Bannon and his friends insist he’s none of those things. Indeed, reporters have scoured Bannon’s past statements in search of a smoking gun (he hosted a daily radio show for several years), and have come up virtually empty-handed.
Case closed? Not quite. In stretching to paint Bannon as an old-fashioned racist, his critics overshot — and also missed the point. Bannon is more complicated, a whole new political beast. And because of that, he’s more dangerous than his adversaries in both the Democratic and Republican parties yet realize.
Even if we give Bannon the benefit of the doubt on racism, he’s still presided over a website that deliberately indulges in race-baiting.
Bannon, for instance, paints himself as post-racial, or at least post-racism. He just doesn’t think race is a major issue anymore. “Cities like Richmond and Baltimore and Philadelphia have black mayors, have black city councils, have black police commissioners. How can it be systemically racist?” he said last summer.
His editors at Breitbart News, the conservative website he ran, said Bannon tried to keep overt racism out of the headlines. That said, he allowed plenty of dog whistles. An entire category of articles was tagged “Black Crime,” for instance. The comment section was “a cesspool for white supremacists,” a former editor complained. Bannon shrugged off any guilt by association. “Are there some people that are white nationalists that are attracted to some of the philosophies of the “alt-right”? Maybe,” he told Mother Jones magazine. “Are there some people that are anti-Semitic that are attracted? Maybe.”
So even if we give Bannon the benefit of the doubt on racism, he’s still presided over a website that deliberately indulges in race-baiting, presumably to build its audience. Is that better or worse? You decide.
Bannon’s major achievement in the Trump campaign, though, was stitching Trump’s jumble of positions into a more-or-less coherent ideology. He began with the basic elements of Trumpism: an immigration crackdown, a border wall, a rejection of free trade agreements and a promise to create jobs by rebuilding infrastructure. Then he knit them together under broader themes: economic populism, anti-globalization and a full-throated revolt against the financial and political elites.

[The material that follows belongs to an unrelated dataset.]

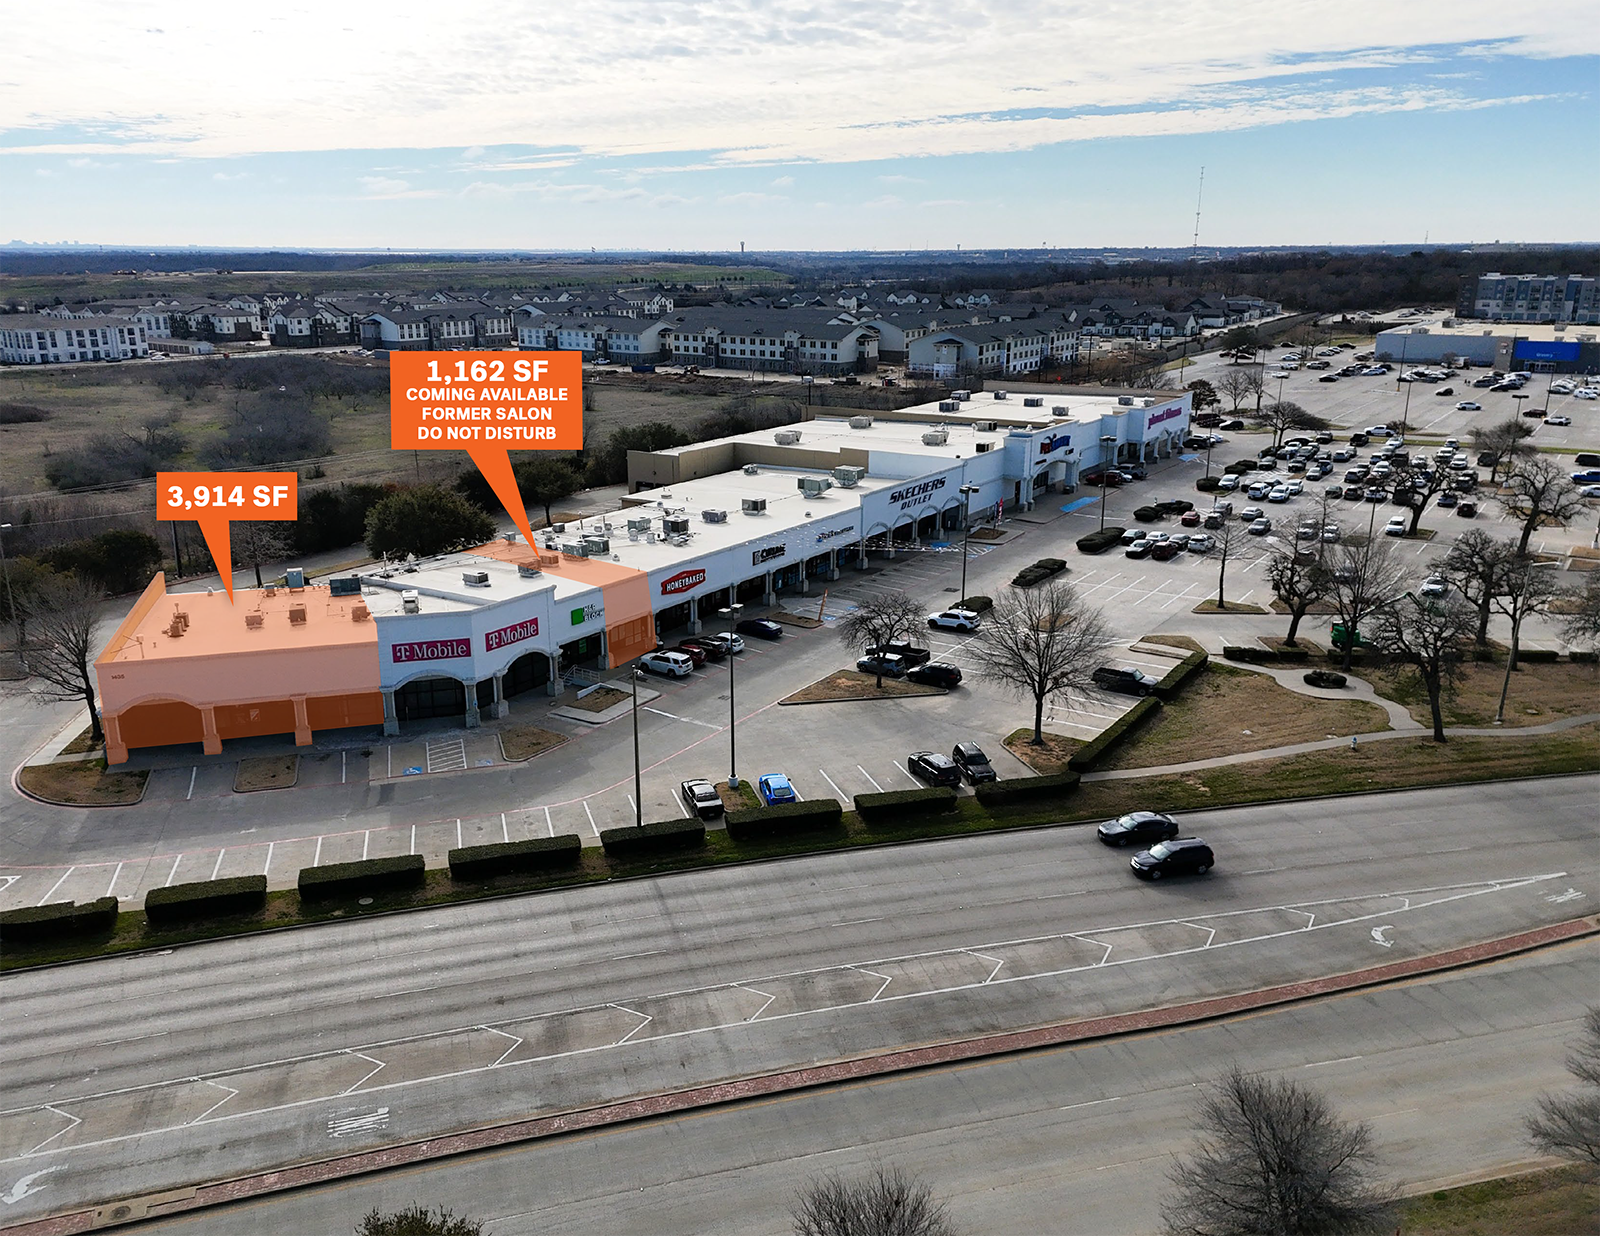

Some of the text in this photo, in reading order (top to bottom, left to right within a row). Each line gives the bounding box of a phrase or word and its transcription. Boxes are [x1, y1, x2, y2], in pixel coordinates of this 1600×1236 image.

[888, 476, 947, 505] SKECHERS
[900, 493, 933, 510] OUTLET
[666, 573, 704, 592] HONEYBAKED

It all came together in an extraordinary speech Trump gave in Florida in October. “It’s a global power structure that is responsible for the economic decisions that have robbed our working class, stripped our country of its wealth, and put that money into the pockets of a handful of large corporations and political entities,” Trump said. “It is our corrupt political establishment that is the greatest power behind the efforts at radical globalization and the disenfranchisement of working people…. The depths of their immorality is unlimited. Our political establishment has no soul.”
All those lines echoed themes Bannon — not Trump — had sounded for years. Now Bannon wants to use the White House to build what he calls “a populist conservative movement” based on “economic nationalism.”

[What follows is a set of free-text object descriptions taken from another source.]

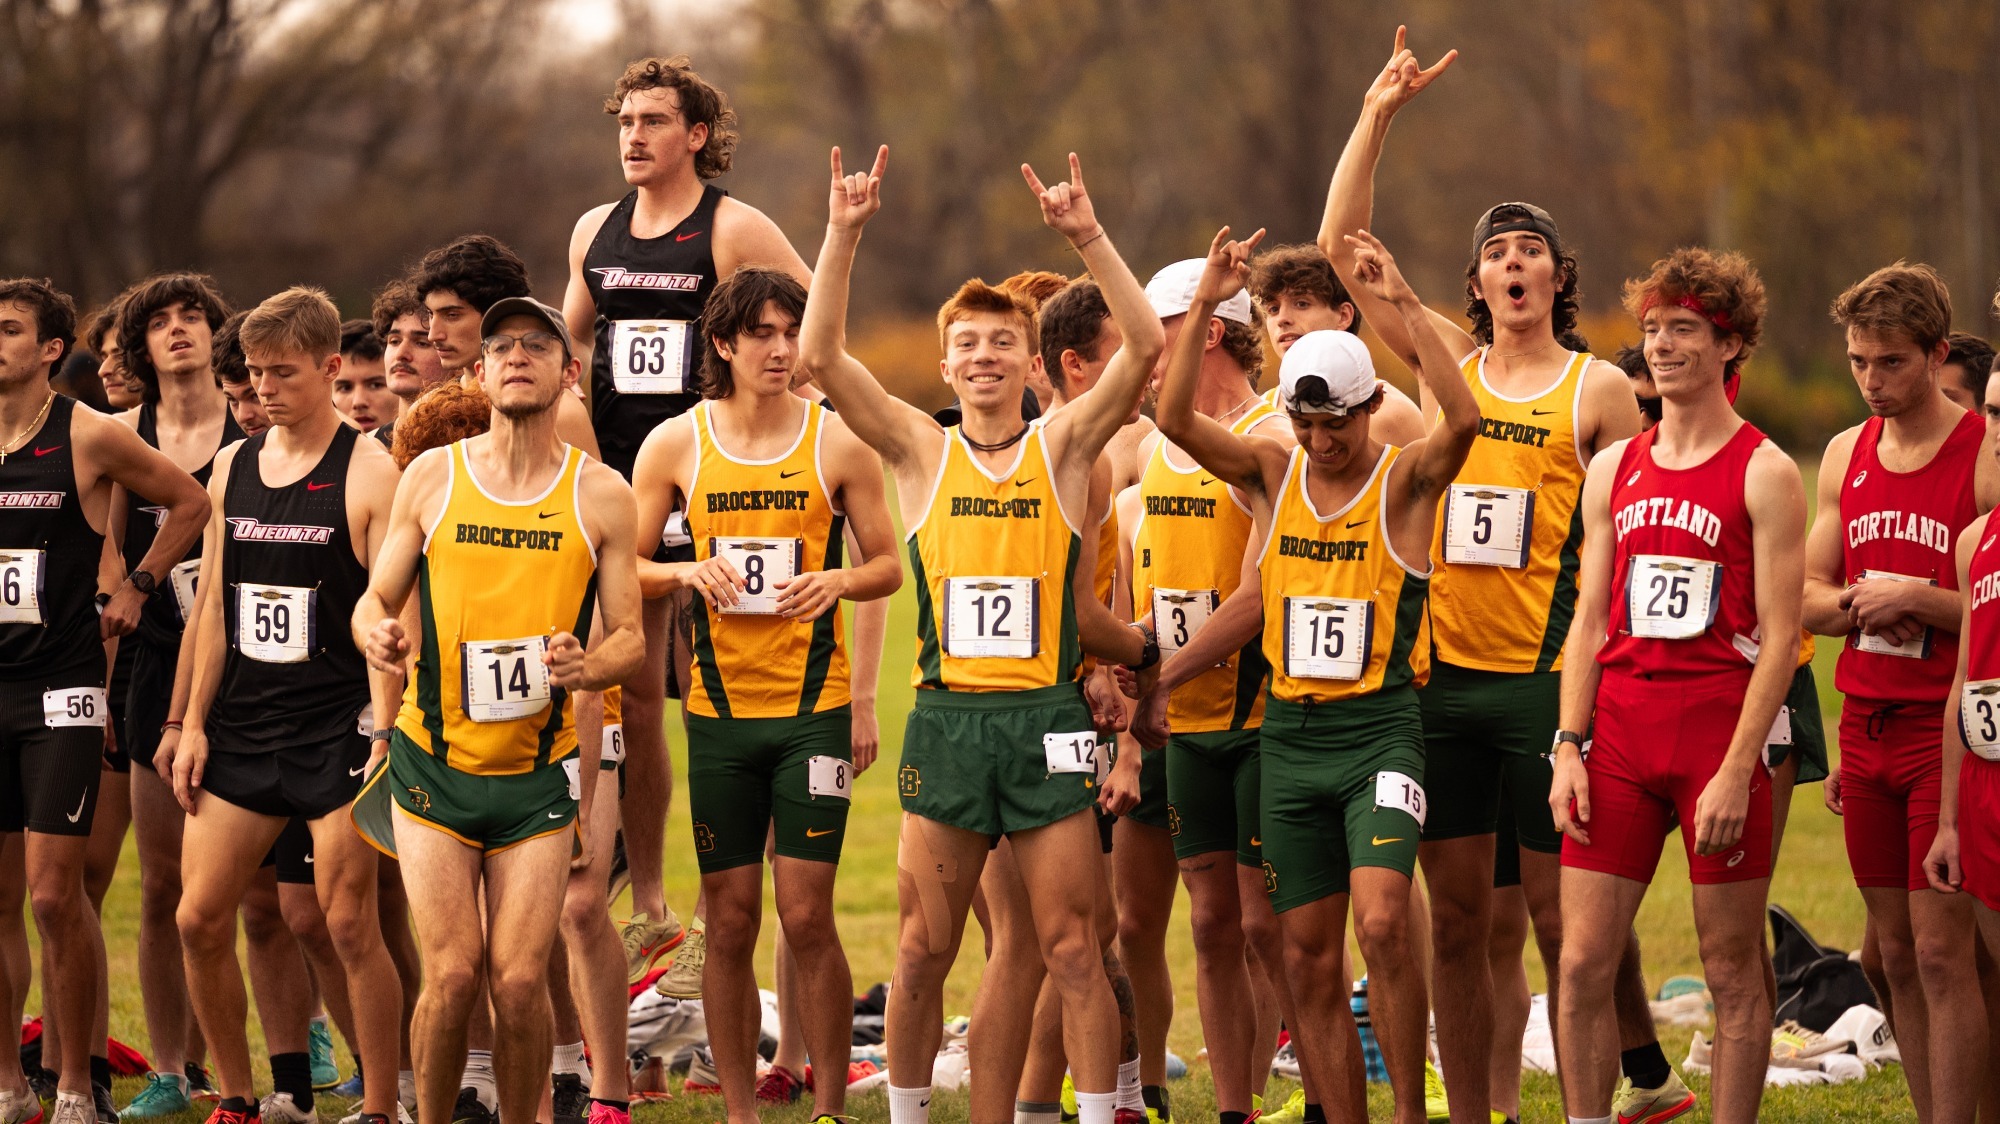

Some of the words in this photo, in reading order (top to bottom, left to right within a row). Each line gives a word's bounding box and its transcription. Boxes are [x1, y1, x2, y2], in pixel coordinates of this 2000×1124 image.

[596, 267, 702, 291] ONEONTA
[629, 337, 665, 375] 63
[707, 490, 809, 513] BROCKPORT
[951, 497, 1041, 518] BROCKPORT
[1146, 496, 1216, 518] BROCKPORT
[229, 518, 333, 544] ONEONTA
[456, 524, 562, 551] BROCKPORT
[1473, 504, 1492, 545] 5
[1615, 497, 1722, 547] CORTLAND
[1848, 510, 1949, 554] CORTLAND
[1279, 535, 1368, 562] BROCKPORT
[0, 567, 20, 606] 6
[745, 555, 764, 595] 8
[971, 595, 1011, 637] 12
[1647, 575, 1690, 619] 25
[255, 603, 290, 643] 59
[1172, 608, 1189, 648] 3
[1309, 616, 1345, 658] 15
[488, 657, 530, 700] 14
[67, 694, 94, 718] 56
[1976, 700, 2000, 742] 3
[1069, 739, 1094, 764] 12
[836, 765, 844, 789] 8
[1402, 783, 1421, 814] 15
[936, 863, 944, 874] KT

This is an ideology unlike anything the Republican Party has championed for decades, and it puts Bannon on a collision course with fiscal conservatives like House Speaker Paul D. Ryan (whom he loathes). Bannon wants a huge infrastructure program; Ryan doesn’t. Bannon wants to protect Social Security and Medicare; Ryan wants to slash them. But it’s not just policies where they’re at odds. Bannon considers Ryan a tool of the traditional GOP power structure that he wants to “burn down.”

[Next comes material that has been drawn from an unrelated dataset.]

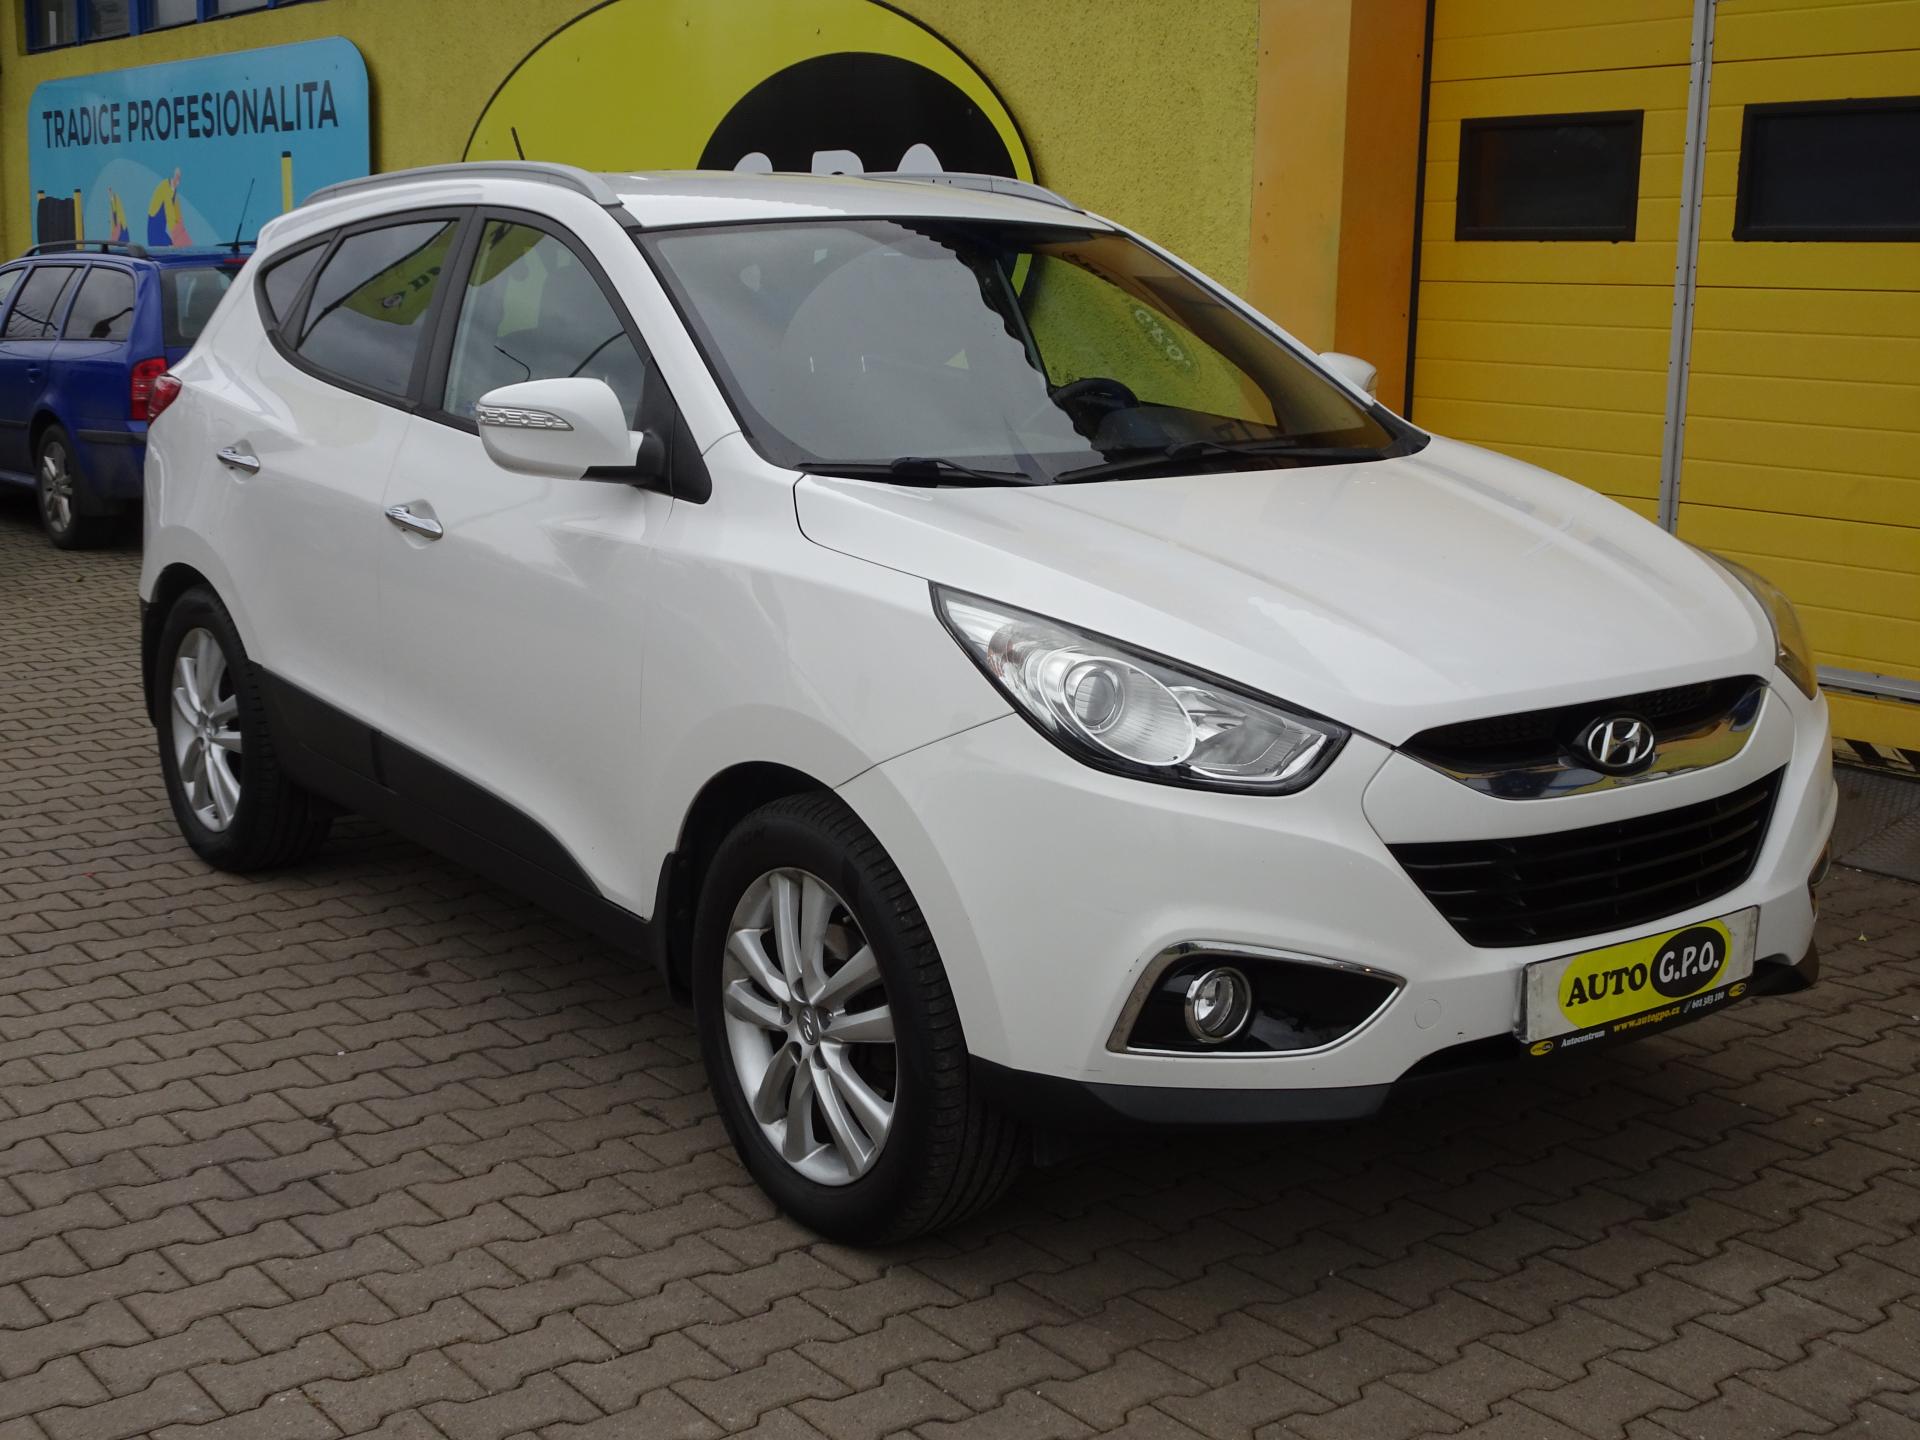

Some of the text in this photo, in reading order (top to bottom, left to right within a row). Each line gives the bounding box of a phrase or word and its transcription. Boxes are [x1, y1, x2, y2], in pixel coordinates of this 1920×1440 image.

[42, 80, 339, 148] TRADICE PROFESIONALITA
[1565, 941, 1719, 1007] AUTO G.P.O.
[1561, 1029, 1605, 1048] Autocentrum
[1613, 1006, 1680, 1032] www.autogpo.cz

Bannon’s goal is audacious: a realignment that would make Trump Republicans the dominant party for generations. He’s already proved the power of a conservative populist appeal to white working-class voters; Trump won white voters without a college education by a staggering 39% margin. The hope that such a party could unite the alt-right, African Americans and second-generation immigrants, however, seems quixotic.
Still, Trump already has helped white working-class voters feel less forgotten. If he can deliver on his other promises, especially job creation, his hold on that big bloc of votes will only strengthen. That’s the political challenge that Democrats — and old-school Republicans, too — really need to worry about.